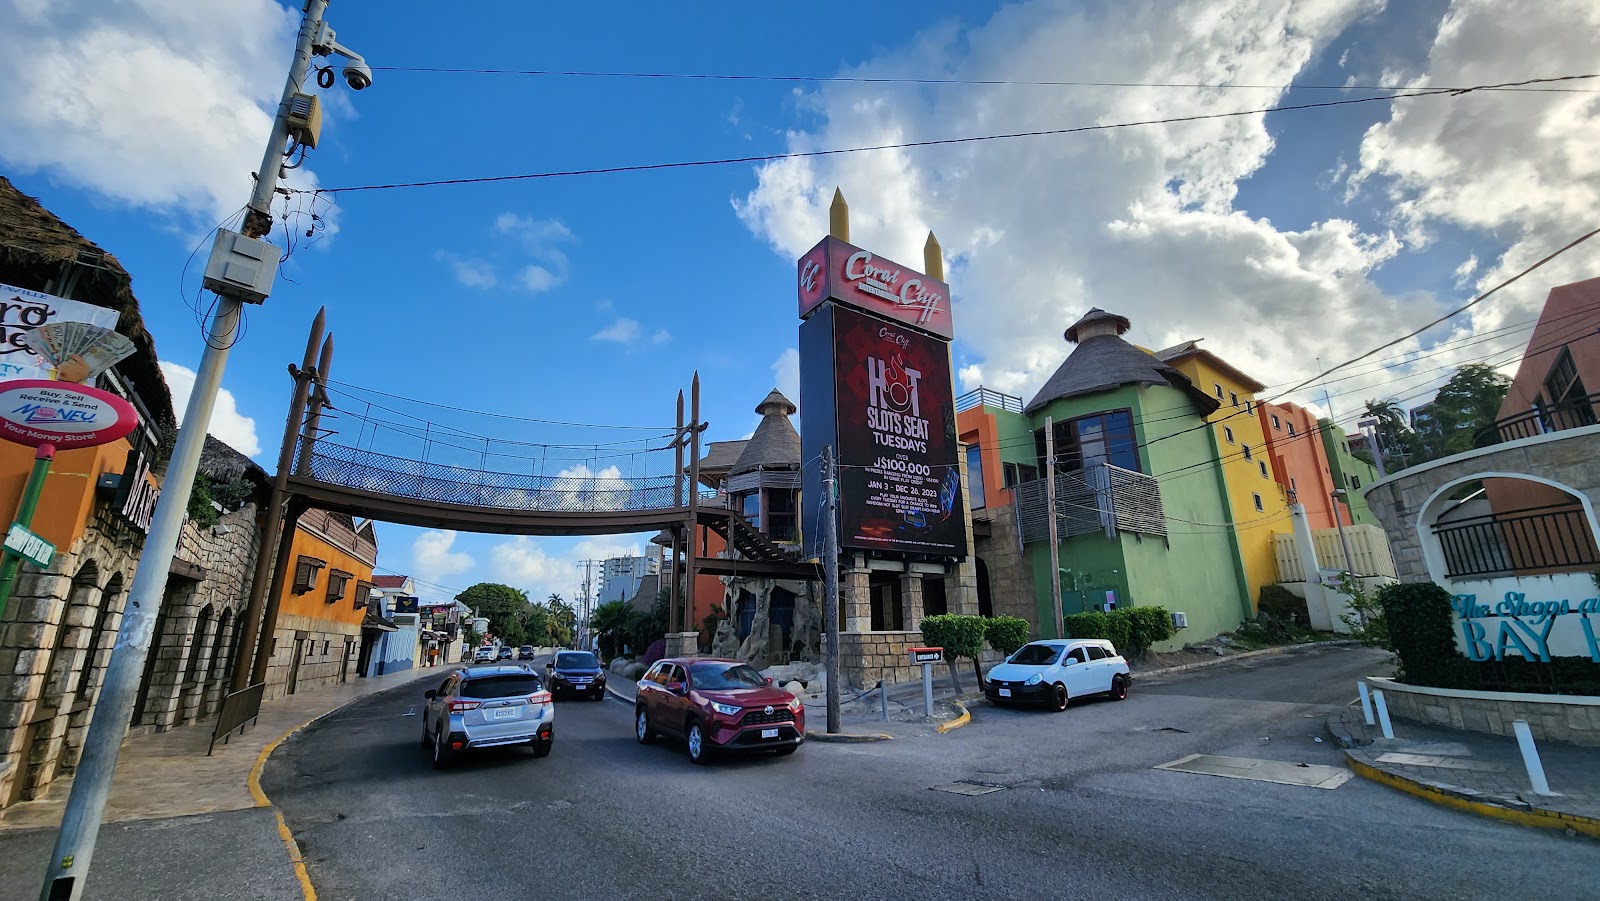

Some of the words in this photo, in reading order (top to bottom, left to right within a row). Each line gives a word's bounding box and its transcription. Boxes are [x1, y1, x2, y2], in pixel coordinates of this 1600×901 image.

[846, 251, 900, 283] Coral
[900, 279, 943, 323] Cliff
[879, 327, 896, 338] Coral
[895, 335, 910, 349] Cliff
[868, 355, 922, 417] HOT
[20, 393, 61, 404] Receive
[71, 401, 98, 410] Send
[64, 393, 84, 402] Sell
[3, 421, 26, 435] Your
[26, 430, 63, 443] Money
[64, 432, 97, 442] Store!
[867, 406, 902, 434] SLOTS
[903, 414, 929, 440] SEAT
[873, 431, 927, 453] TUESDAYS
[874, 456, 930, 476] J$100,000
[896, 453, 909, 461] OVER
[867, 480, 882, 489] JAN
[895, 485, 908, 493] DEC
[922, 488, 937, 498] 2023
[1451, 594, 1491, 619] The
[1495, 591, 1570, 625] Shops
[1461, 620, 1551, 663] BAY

=-=-=-=-=

Required action ▸
Line by line, print the records above exactly, skipping each picture.

Reply ▸
Some of the words in this photo, in reading order (top to bottom, left to right within a row). Each line gives a word's bounding box and its transcription. Boxes are [x1, y1, x2, y2], in pixel coordinates of this 1600×901 image.

[846, 251, 900, 283] Coral
[900, 279, 943, 323] Cliff
[879, 327, 896, 338] Coral
[895, 335, 910, 349] Cliff
[868, 355, 922, 417] HOT
[20, 393, 61, 404] Receive
[71, 401, 98, 410] Send
[64, 393, 84, 402] Sell
[3, 421, 26, 435] Your
[26, 430, 63, 443] Money
[64, 432, 97, 442] Store!
[867, 406, 902, 434] SLOTS
[903, 414, 929, 440] SEAT
[873, 431, 927, 453] TUESDAYS
[874, 456, 930, 476] J$100,000
[896, 453, 909, 461] OVER
[867, 480, 882, 489] JAN
[895, 485, 908, 493] DEC
[922, 488, 937, 498] 2023
[1451, 594, 1491, 619] The
[1495, 591, 1570, 625] Shops
[1461, 620, 1551, 663] BAY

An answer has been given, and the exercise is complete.